=== Work to be completed ===
Exactly as they appear, copy the lines of the listing from the one containing "Some of the words" through the final line, both included, and nothing else.
+-------+
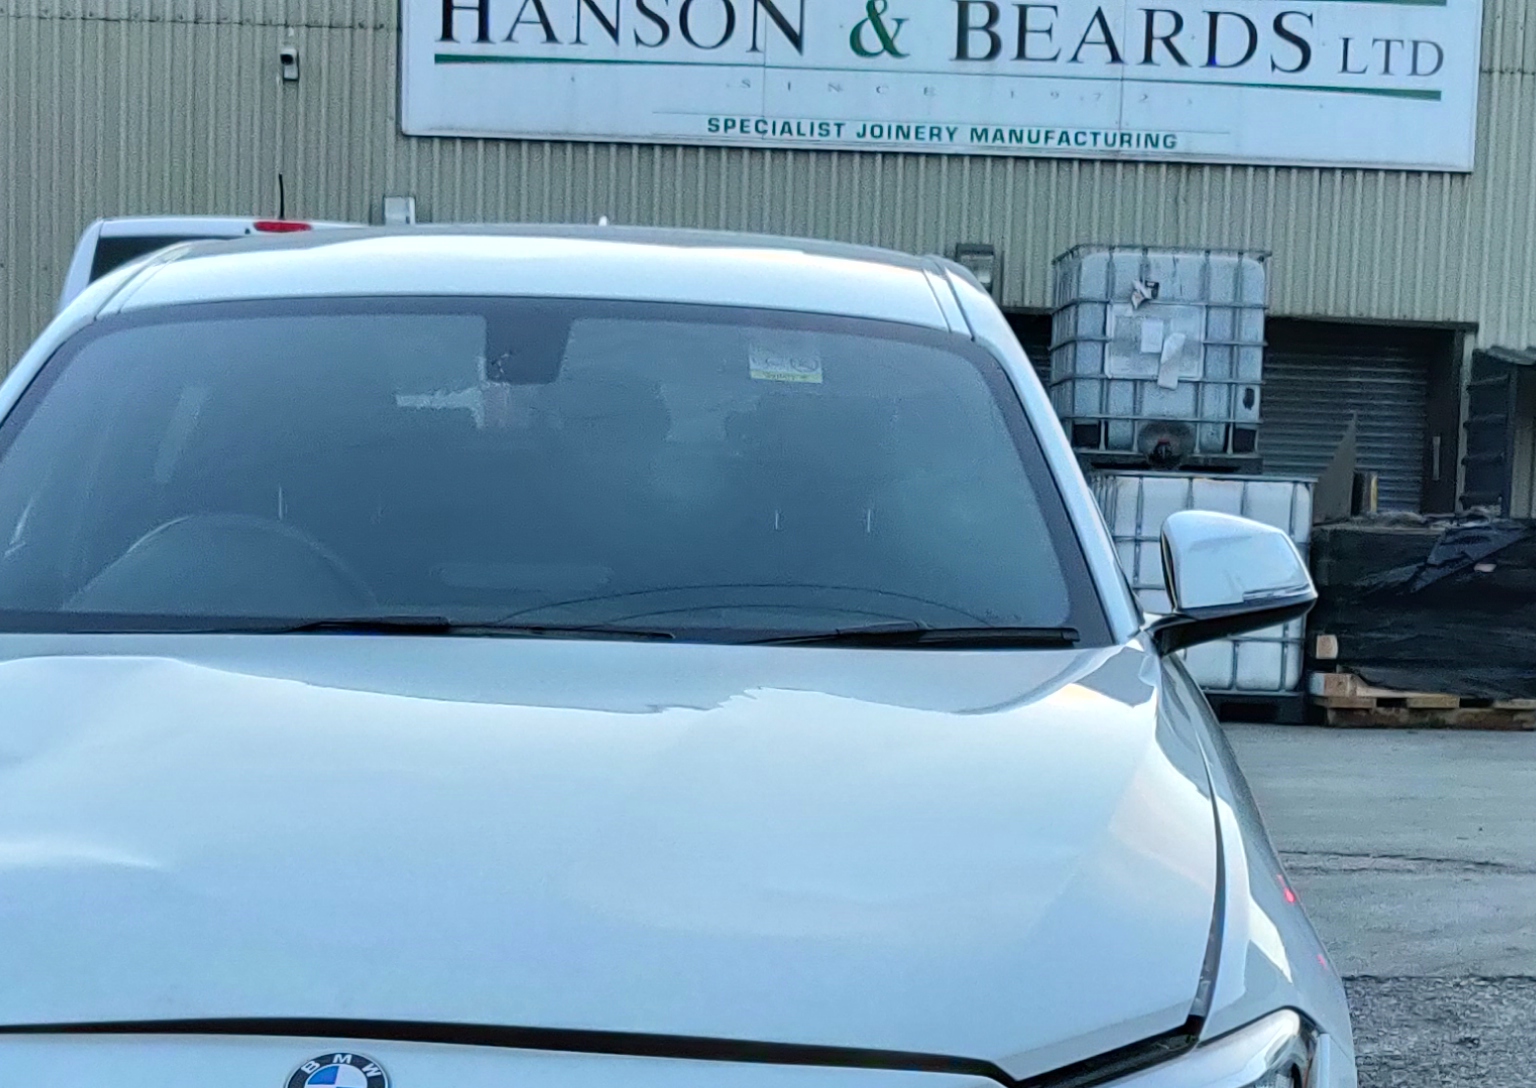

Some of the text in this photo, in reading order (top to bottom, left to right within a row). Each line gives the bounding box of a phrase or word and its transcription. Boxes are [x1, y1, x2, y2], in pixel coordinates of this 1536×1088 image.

[435, 0, 1445, 77] HANSON & BEARDS LTD
[706, 116, 1178, 150] SPECIALIST JOINERY MANUFACTURING
[300, 1053, 382, 1078] BMW
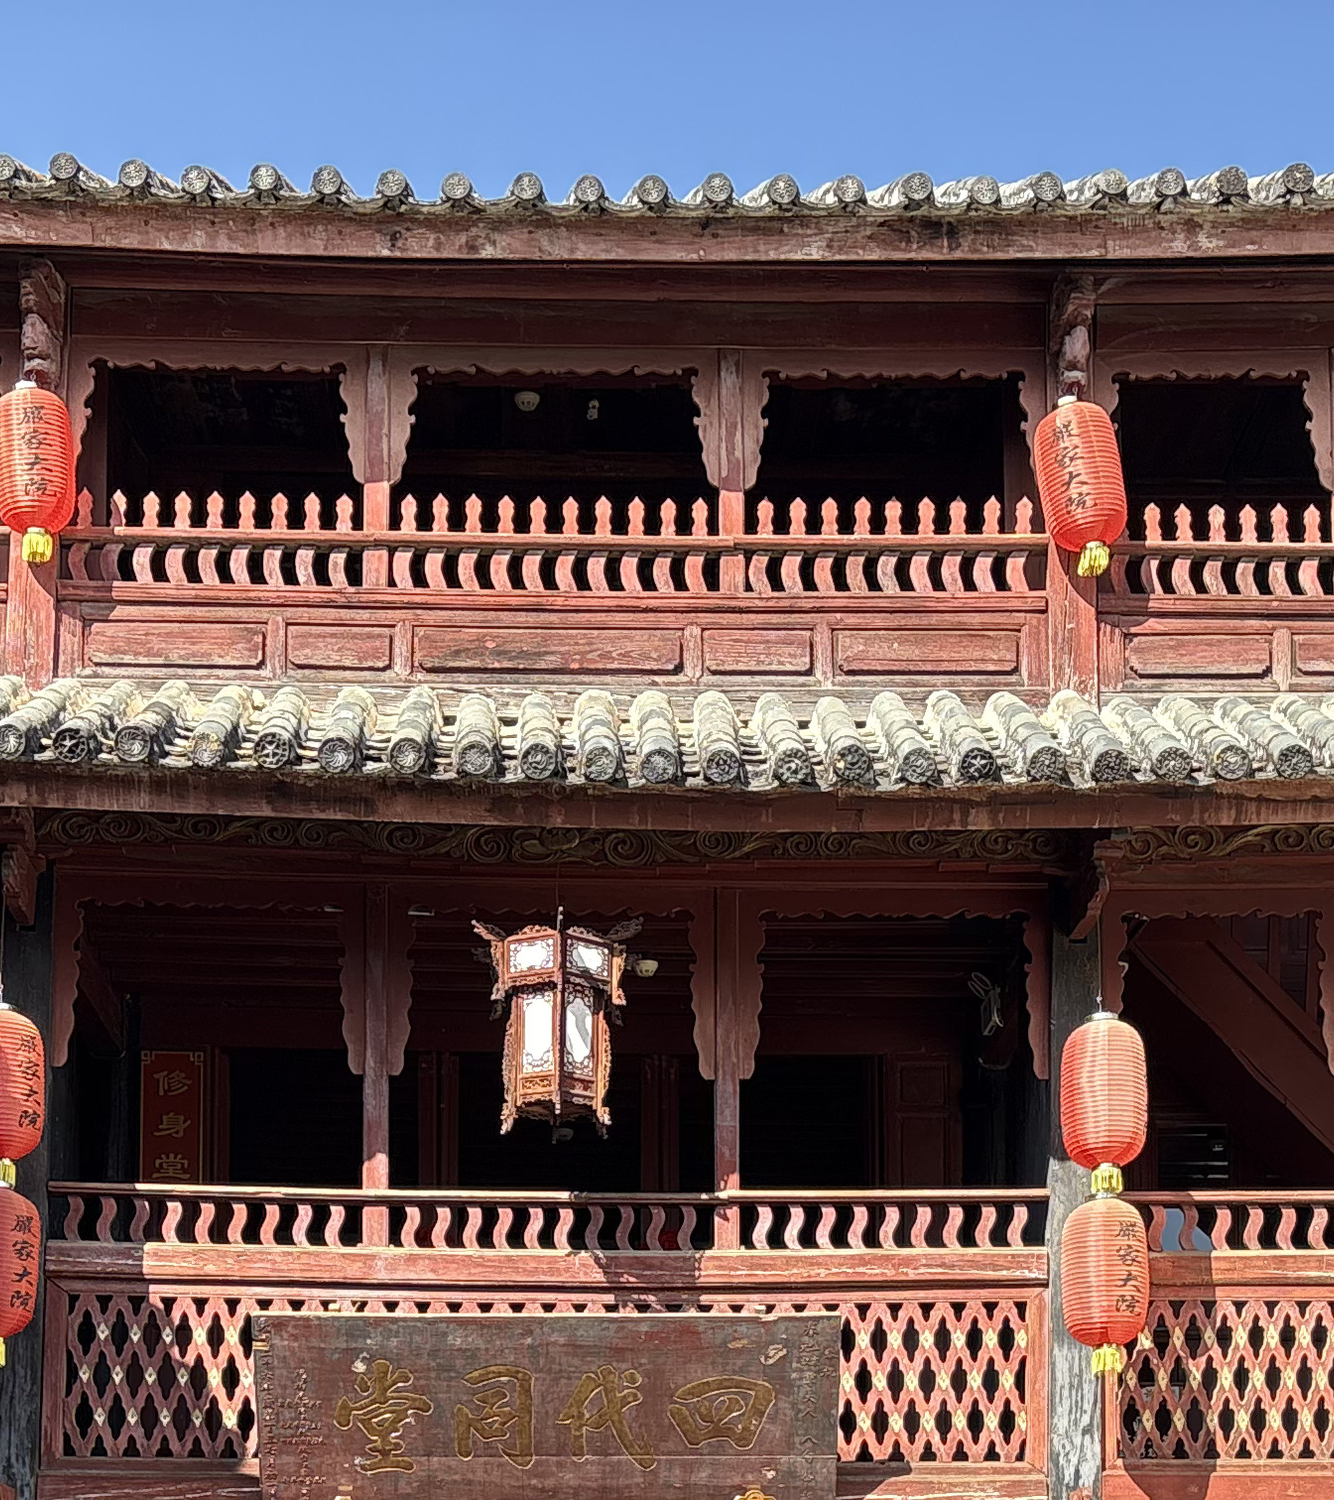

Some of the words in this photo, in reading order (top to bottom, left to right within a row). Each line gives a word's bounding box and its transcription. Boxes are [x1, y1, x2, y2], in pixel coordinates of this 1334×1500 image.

[152, 1070, 193, 1180] 修身堂
[332, 1359, 777, 1474] 四代同堂
+-------+
=== Output below ===
Some of the words in this photo, in reading order (top to bottom, left to right within a row). Each line gives a word's bounding box and its transcription. Boxes are [x1, y1, x2, y2], in pixel coordinates of this 1334×1500 image.

[152, 1070, 193, 1180] 修身堂
[332, 1359, 777, 1474] 四代同堂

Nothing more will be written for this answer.